COSC 311 - Project 1

1 Objectives
This lab will be the first of a three-phase project for the semester. Now that we have developed some tools
to import and organize data, you will begin the process of studying it, cleaning it, and starting to “engineer”
the data. In the second and third phase, you will think about building models from the data, designing a
predictive analysis study, and communicating the results through prose and visualization.
2 Requirements
1. You may work in groups of one or two members to complete this project. However, if you work with a
partner, you will expected to keep the same partner for Projects 2 and 3; however, exceptions can be
made if communicated in advance with the instructor.

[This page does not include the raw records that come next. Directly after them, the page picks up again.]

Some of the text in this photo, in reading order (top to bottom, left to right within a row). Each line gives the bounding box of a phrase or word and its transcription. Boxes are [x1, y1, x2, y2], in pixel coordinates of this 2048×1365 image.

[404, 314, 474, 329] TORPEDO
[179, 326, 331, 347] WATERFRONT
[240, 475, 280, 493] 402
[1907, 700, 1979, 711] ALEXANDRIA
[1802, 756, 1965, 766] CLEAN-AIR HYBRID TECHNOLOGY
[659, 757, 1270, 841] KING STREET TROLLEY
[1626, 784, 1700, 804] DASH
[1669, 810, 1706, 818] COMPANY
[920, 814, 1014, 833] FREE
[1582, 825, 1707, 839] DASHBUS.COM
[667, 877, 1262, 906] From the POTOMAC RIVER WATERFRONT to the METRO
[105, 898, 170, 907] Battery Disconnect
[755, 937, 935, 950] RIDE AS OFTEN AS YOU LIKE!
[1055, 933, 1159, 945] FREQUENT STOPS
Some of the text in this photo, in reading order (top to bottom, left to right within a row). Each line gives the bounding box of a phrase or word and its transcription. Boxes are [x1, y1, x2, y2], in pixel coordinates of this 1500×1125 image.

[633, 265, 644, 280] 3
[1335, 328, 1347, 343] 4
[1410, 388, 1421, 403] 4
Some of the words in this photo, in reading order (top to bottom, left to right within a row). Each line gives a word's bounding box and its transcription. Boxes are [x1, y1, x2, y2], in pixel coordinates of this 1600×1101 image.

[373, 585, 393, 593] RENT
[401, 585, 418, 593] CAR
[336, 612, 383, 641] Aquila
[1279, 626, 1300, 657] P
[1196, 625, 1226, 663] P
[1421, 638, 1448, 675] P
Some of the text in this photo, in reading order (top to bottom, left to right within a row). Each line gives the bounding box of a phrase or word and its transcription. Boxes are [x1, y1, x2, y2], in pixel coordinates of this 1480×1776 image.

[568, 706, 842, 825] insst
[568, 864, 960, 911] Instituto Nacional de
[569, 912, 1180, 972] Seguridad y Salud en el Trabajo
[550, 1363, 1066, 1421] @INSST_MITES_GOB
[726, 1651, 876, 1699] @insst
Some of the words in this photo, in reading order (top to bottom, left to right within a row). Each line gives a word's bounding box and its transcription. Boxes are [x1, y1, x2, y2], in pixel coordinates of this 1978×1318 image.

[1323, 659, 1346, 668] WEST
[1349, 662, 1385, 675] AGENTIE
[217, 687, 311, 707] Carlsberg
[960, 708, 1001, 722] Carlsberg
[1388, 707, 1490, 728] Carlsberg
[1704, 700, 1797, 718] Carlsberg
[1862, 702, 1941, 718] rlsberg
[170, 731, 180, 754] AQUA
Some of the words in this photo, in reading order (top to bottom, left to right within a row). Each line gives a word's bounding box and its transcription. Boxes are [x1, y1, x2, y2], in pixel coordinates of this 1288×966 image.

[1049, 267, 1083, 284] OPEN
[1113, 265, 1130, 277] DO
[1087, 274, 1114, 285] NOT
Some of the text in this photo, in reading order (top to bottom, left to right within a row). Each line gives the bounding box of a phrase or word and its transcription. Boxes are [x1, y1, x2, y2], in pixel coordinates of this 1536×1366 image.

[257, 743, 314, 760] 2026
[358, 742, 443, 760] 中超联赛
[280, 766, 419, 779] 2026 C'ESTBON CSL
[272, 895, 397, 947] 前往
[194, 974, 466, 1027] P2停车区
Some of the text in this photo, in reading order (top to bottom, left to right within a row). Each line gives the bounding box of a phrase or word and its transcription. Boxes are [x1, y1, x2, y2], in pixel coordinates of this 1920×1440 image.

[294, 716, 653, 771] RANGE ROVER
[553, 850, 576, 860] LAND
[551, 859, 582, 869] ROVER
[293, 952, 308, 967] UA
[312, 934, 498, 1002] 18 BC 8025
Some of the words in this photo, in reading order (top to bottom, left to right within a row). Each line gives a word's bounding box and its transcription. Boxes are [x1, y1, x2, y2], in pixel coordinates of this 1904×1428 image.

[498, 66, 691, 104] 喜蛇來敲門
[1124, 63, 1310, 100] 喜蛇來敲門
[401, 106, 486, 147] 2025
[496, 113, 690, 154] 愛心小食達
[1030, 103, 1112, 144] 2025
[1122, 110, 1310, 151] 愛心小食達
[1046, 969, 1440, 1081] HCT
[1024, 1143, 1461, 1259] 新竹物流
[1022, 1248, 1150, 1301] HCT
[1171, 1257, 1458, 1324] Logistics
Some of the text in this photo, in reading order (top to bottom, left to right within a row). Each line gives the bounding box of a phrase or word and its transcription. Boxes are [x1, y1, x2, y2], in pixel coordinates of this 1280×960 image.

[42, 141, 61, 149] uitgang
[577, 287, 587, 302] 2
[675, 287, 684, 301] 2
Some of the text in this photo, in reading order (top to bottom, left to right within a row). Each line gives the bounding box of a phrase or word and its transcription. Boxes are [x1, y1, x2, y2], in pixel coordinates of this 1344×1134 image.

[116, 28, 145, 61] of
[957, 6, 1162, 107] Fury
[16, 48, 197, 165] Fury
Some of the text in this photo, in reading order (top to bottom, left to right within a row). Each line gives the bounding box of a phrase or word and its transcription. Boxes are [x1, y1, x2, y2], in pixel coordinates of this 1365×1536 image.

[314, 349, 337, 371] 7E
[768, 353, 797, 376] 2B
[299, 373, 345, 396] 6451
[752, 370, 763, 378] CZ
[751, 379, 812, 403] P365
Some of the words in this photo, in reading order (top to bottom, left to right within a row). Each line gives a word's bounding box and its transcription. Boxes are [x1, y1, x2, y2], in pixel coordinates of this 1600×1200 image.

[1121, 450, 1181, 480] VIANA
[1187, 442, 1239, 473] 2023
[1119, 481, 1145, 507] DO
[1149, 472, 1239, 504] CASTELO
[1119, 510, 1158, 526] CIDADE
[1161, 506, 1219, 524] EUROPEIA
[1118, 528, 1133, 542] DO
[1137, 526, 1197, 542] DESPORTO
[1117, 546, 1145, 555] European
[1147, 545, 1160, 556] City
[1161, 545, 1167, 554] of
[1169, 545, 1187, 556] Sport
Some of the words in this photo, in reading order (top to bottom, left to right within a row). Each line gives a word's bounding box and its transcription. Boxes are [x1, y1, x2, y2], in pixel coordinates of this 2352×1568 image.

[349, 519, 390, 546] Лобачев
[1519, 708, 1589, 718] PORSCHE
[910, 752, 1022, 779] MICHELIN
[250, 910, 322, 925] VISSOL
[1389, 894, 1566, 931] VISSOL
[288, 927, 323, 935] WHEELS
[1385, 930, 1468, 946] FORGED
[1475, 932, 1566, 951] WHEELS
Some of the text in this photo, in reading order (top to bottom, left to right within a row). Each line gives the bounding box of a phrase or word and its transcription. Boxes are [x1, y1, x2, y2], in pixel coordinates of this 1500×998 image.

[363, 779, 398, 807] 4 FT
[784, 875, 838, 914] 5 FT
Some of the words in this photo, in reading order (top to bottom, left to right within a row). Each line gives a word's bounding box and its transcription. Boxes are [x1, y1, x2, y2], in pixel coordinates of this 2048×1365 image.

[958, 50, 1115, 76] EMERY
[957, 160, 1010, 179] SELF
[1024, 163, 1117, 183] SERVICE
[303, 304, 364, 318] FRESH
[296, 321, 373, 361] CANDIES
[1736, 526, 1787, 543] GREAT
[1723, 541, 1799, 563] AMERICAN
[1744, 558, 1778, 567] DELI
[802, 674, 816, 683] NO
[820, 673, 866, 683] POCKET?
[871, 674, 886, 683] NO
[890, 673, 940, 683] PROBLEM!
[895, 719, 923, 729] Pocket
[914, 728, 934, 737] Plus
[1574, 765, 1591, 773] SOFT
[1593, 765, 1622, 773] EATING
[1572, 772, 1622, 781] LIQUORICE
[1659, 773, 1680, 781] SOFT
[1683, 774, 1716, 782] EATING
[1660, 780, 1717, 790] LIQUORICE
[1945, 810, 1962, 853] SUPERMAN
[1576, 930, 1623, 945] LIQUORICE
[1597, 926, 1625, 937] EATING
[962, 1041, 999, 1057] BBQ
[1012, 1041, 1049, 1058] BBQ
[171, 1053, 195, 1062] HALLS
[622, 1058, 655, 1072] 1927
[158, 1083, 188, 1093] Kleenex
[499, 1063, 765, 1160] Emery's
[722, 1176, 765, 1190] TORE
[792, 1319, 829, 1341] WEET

2. Begin searching for some freely available, large-enough-scale (thousands or hundreds-of-thousands datapoints) datasets online. Some good places to start are:
(a) UCI Machine Learning Repository
(b) Kaggle
(c) Google Dataset Search
3. Select at least three data sets and answer the following questions about them:
(a) What type of population is being sampled? What are the “things” getting measured – usually
one per row of data.
(b) What features does each sample have, i.e. what is being measured?
(c) Are the features quantitative or qualitative? Ordinal or nominal? Continuous or discrete?
(d) Is the data “complete” or do some of the samples have null or absent values for certain features?
Why are these samples still useful? Why are they incomplete?
(e) Why are these features chosen to be part of the dataset?
(f) What are some other features that are not included but that you think might make sense to
include for this dataset?
(g) Give at least one way that you can pivot the dataset to get a slightly different representation of
some values. Explain what this is and how you would use it for a visualization.
(h) Identify any possible relationships between features included in the data: which ones are likely to
affect others?
i. Show at least one plot or visualization to illustrate this (possible) relationship.
ii. What numerical or statistical techniques might you consider using to determine whether the
relationship is reliable?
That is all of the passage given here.